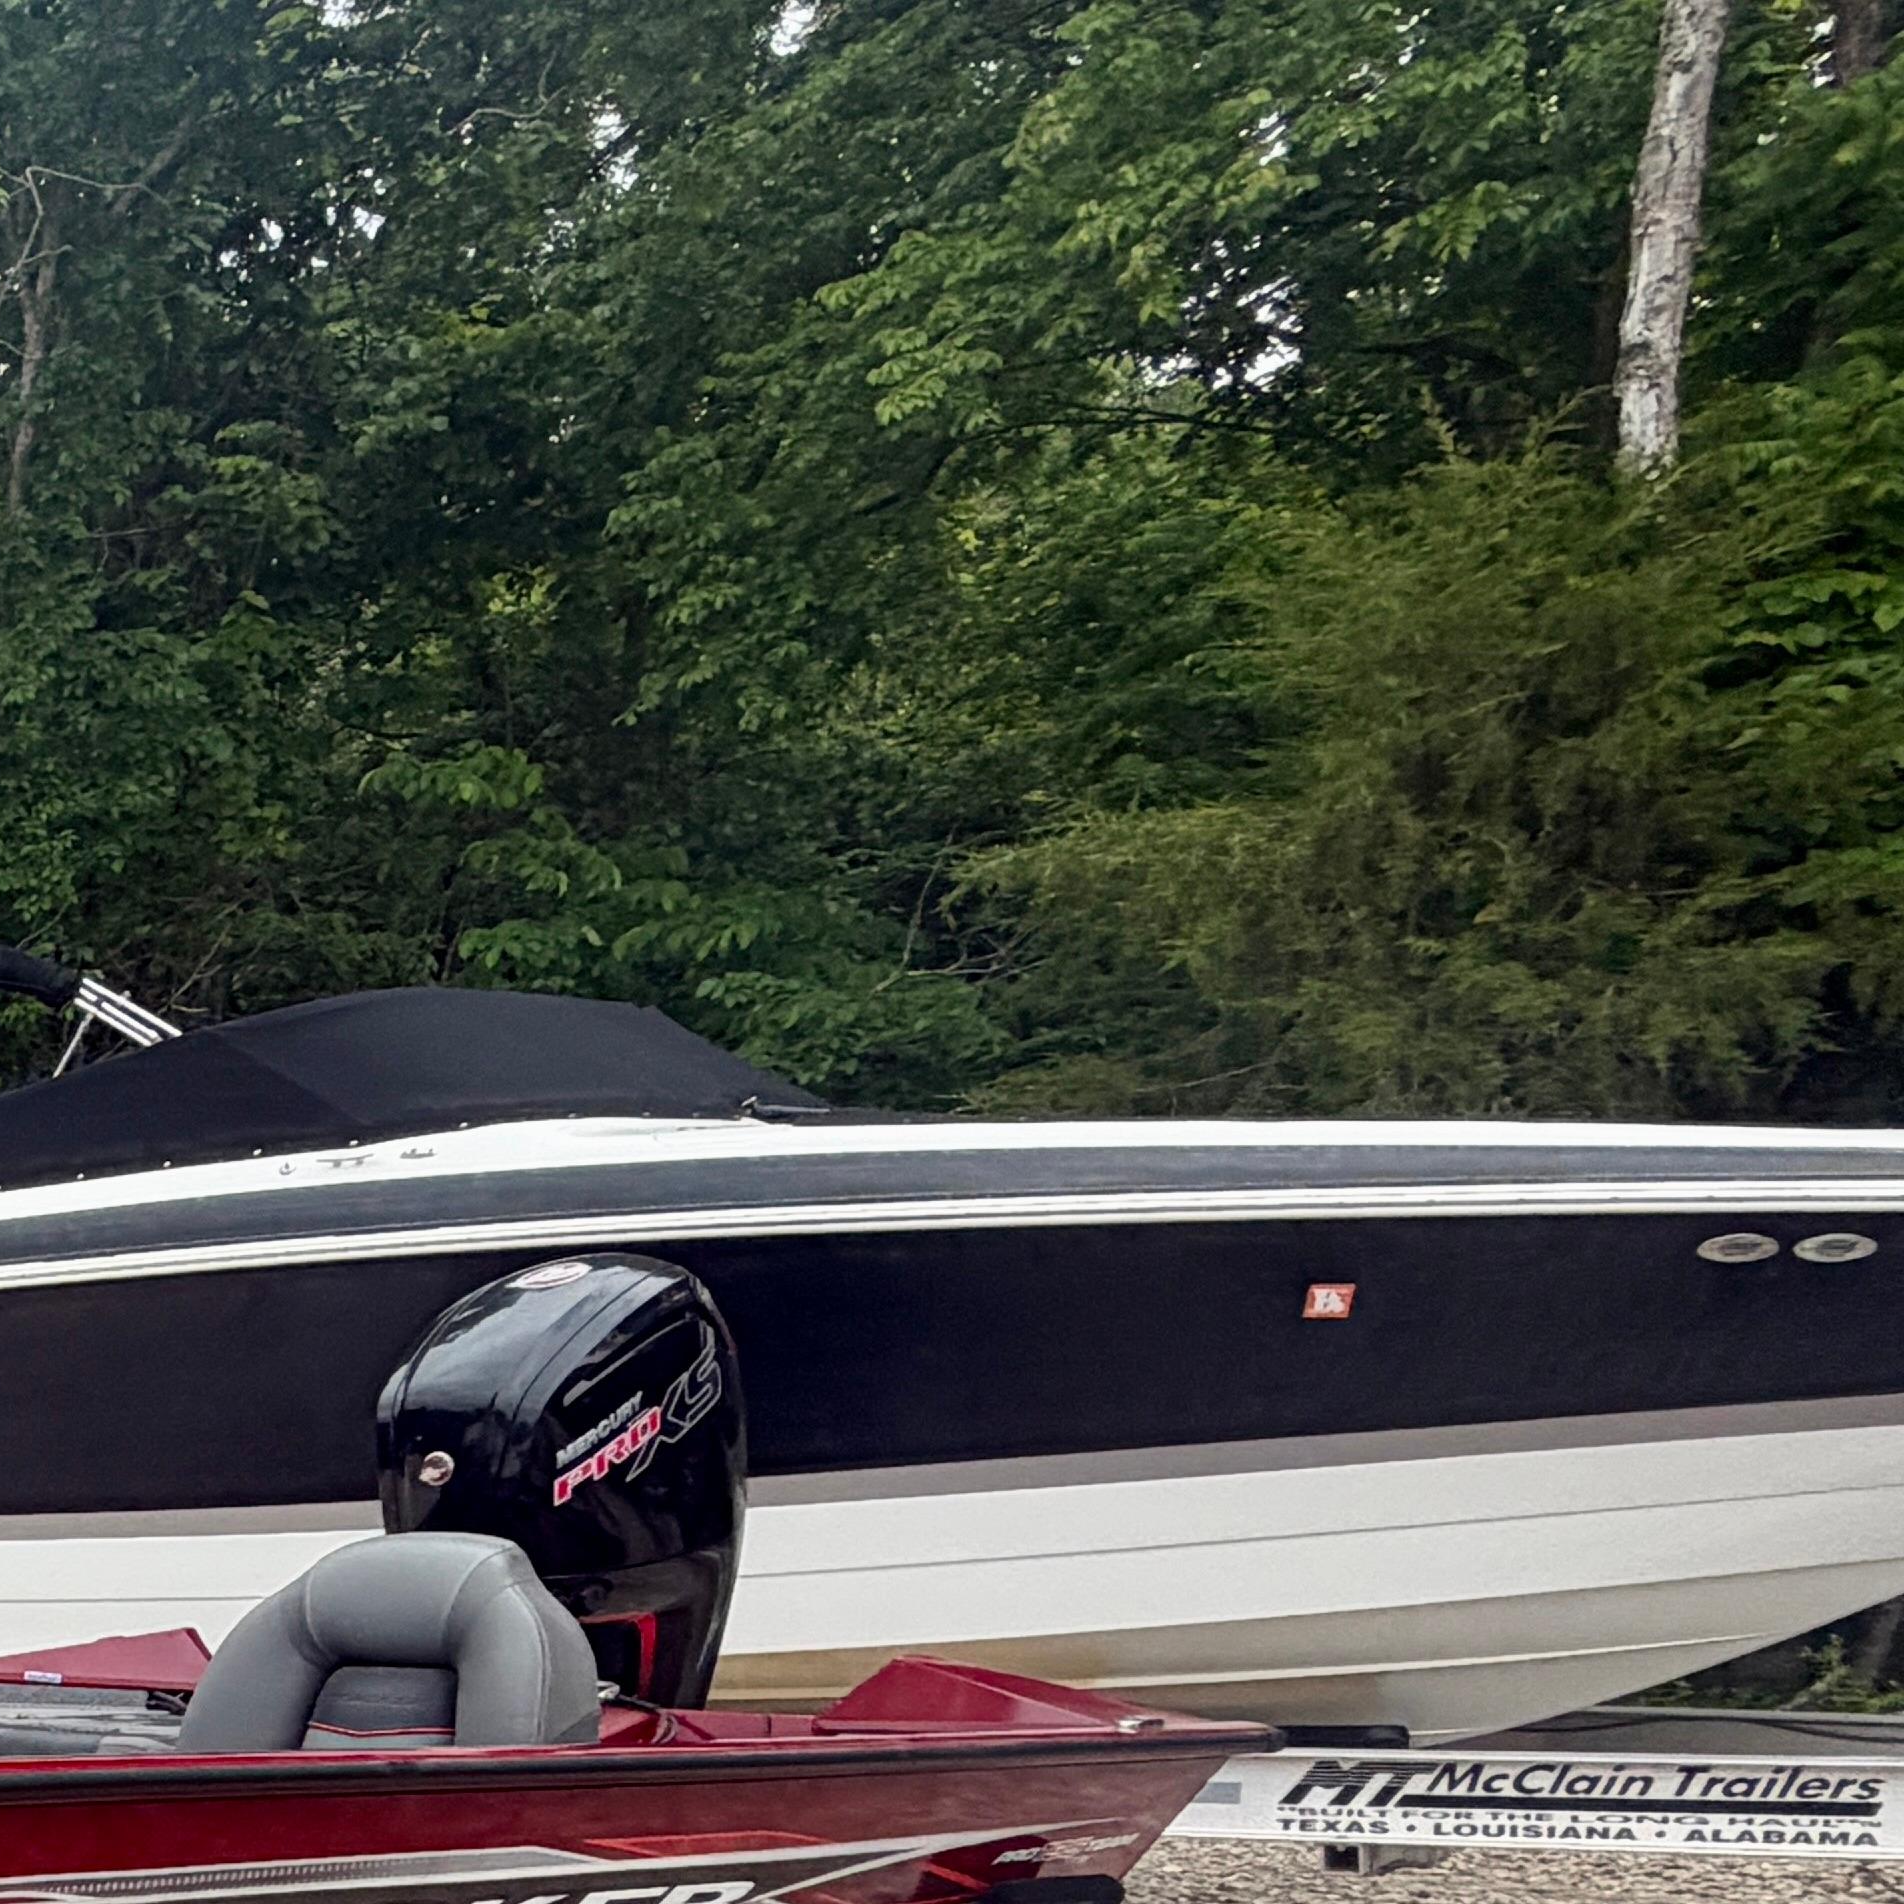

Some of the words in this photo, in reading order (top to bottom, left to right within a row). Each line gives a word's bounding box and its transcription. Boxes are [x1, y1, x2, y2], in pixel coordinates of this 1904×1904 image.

[556, 1390, 643, 1469] MERCURY
[1426, 1762, 1655, 1797] McClain
[1674, 1764, 1887, 1800] Trailers
[1277, 1818, 1390, 1834] TEXAS
[1432, 1822, 1637, 1840] LOUISIANA
[1683, 1828, 1880, 1847] ALABAMA
[1402, 1809, 1473, 1820] FOR
[1485, 1811, 1553, 1822] THE
[1570, 1813, 1710, 1825] LONG

▶ **WHAT YOU ARE ASKED TO DO**: Start at the first line and set down all of the data exactly, passing over the pictures.

▶ **REPLY TO THE EXERCISE**:
Some of the words in this photo, in reading order (top to bottom, left to right within a row). Each line gives a word's bounding box and its transcription. Boxes are [x1, y1, x2, y2], in pixel coordinates of this 1904×1904 image.

[556, 1390, 643, 1469] MERCURY
[1426, 1762, 1655, 1797] McClain
[1674, 1764, 1887, 1800] Trailers
[1277, 1818, 1390, 1834] TEXAS
[1432, 1822, 1637, 1840] LOUISIANA
[1683, 1828, 1880, 1847] ALABAMA
[1402, 1809, 1473, 1820] FOR
[1485, 1811, 1553, 1822] THE
[1570, 1813, 1710, 1825] LONG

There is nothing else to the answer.